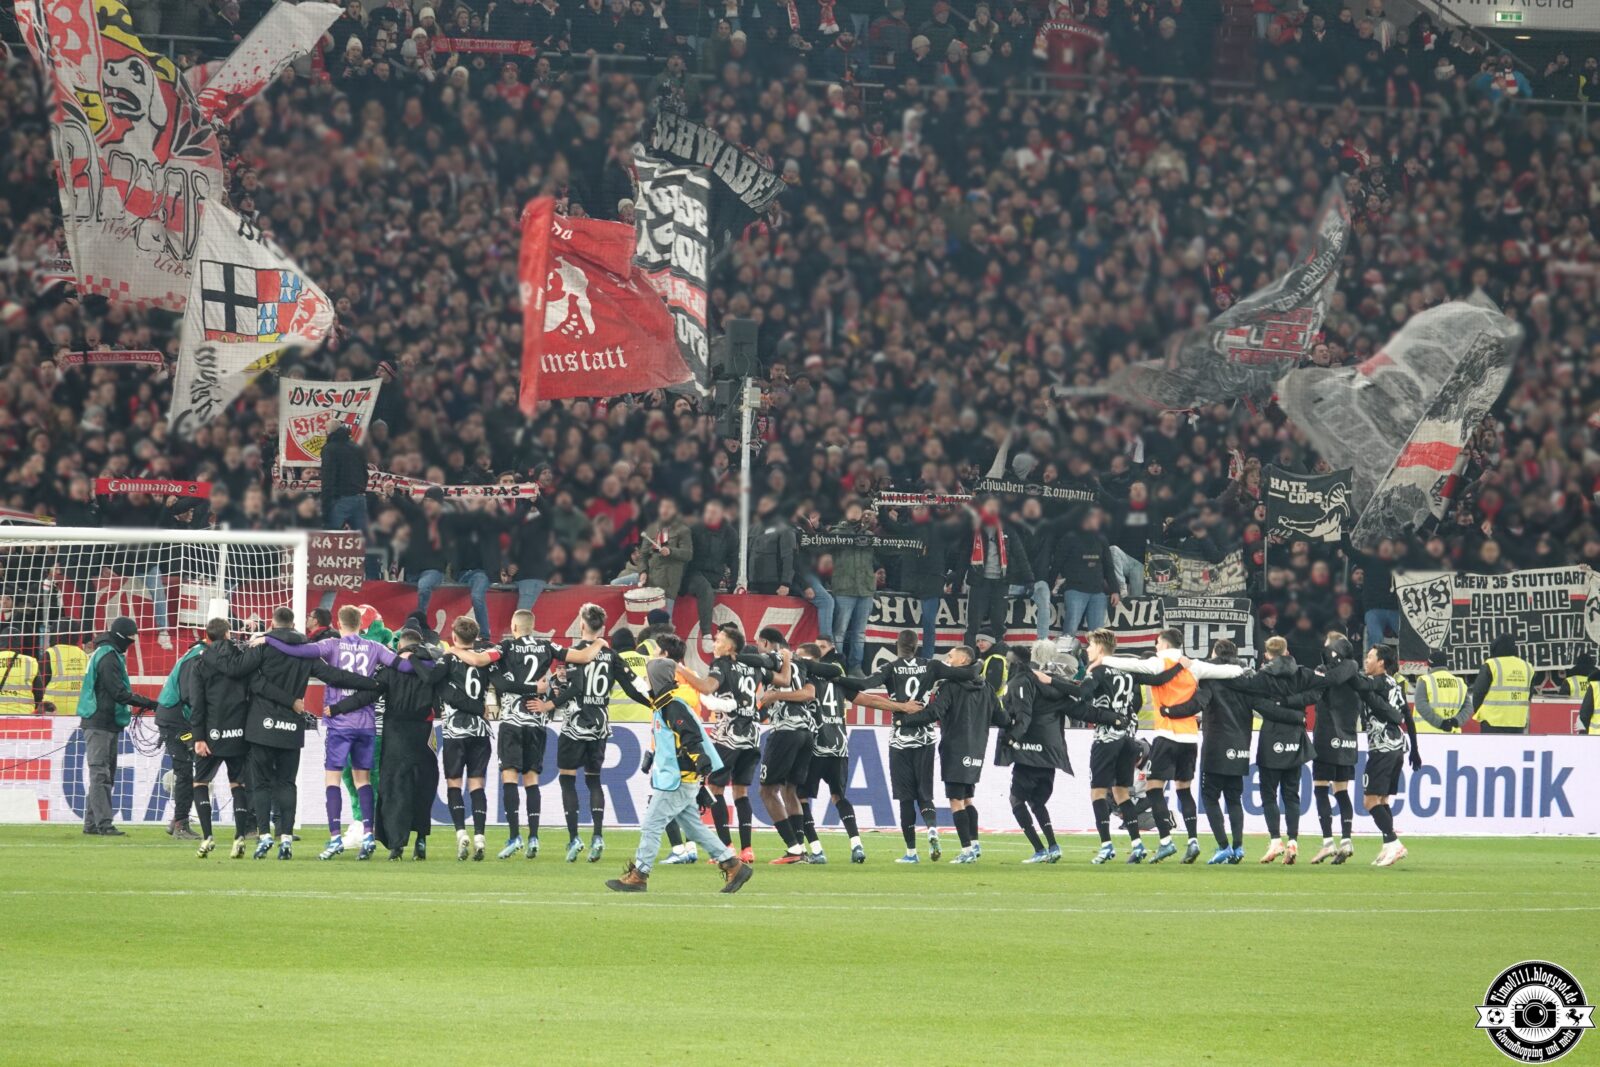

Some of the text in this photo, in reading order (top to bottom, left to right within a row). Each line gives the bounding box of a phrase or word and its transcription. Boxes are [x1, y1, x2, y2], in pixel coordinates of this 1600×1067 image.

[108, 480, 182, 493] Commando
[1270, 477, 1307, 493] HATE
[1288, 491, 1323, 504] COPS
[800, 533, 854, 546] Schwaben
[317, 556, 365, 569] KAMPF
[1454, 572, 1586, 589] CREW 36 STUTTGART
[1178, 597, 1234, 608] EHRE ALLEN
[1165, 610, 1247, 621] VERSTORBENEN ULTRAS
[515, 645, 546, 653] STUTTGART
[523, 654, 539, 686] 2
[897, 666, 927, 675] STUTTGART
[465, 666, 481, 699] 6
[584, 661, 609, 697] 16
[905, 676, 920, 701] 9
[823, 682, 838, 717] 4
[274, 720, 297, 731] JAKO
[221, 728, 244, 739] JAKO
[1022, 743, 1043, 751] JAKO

═══

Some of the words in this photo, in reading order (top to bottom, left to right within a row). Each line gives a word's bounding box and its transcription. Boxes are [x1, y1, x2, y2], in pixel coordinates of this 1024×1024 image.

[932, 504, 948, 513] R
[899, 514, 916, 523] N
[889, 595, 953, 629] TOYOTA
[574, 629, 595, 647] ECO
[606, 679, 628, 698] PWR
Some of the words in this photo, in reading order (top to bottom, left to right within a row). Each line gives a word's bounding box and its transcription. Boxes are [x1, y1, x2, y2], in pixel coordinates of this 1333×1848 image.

═══

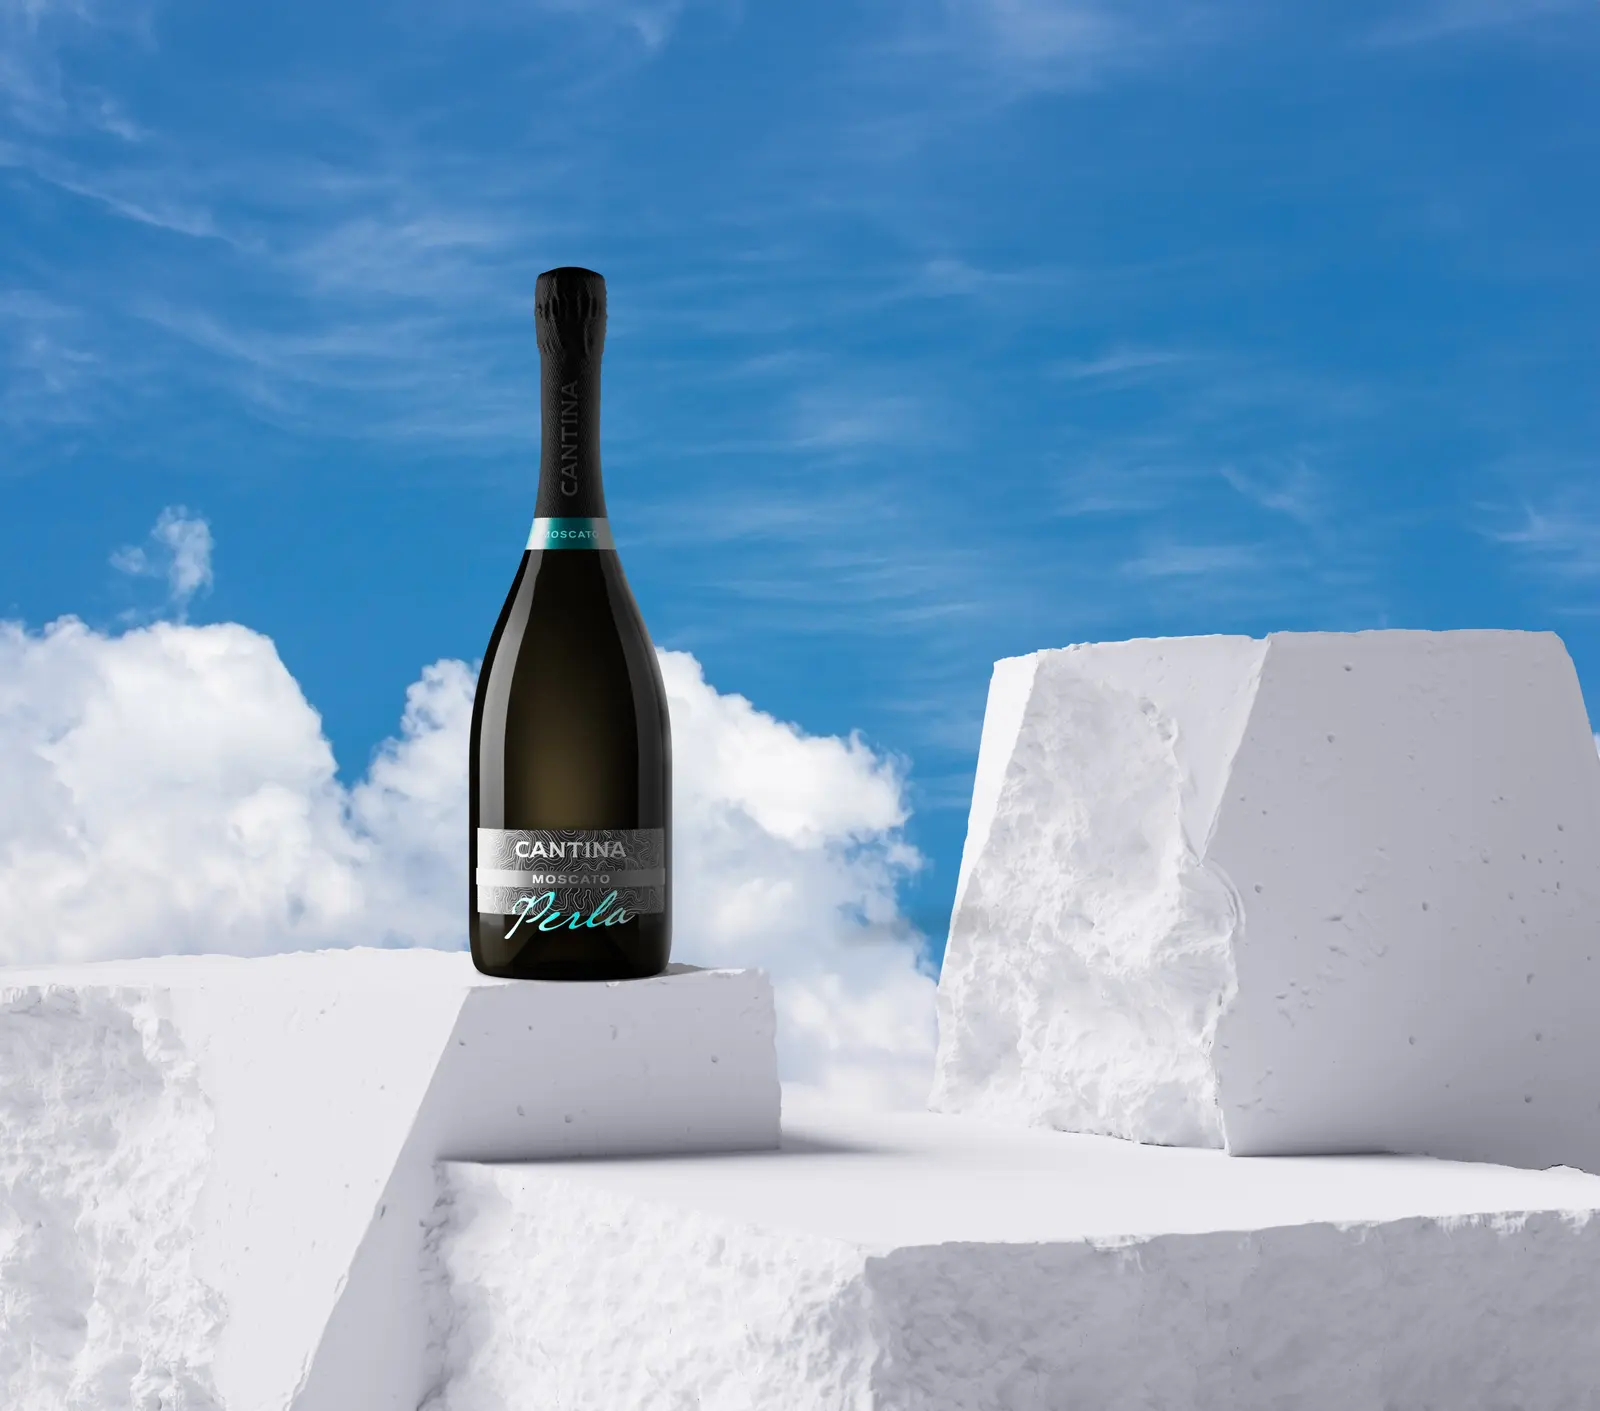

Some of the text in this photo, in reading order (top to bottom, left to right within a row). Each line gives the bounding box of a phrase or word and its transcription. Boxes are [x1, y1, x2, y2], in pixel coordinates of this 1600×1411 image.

═══

Work item » Using the entries above, extract exactly the span from the line with "this 1024×1024 image." to the line with "this 1333×1848 image.", both lines included; leave out everything else.

Solution to the problem »
Some of the words in this photo, in reading order (top to bottom, left to right within a row). Each line gives a word's bounding box and its transcription. Boxes are [x1, y1, x2, y2], in pixel coordinates of this 1024×1024 image.

[932, 504, 948, 513] R
[899, 514, 916, 523] N
[889, 595, 953, 629] TOYOTA
[574, 629, 595, 647] ECO
[606, 679, 628, 698] PWR
Some of the words in this photo, in reading order (top to bottom, left to right within a row). Each line gives a word's bounding box and its transcription. Boxes are [x1, y1, x2, y2], in pixel coordinates of this 1333×1848 image.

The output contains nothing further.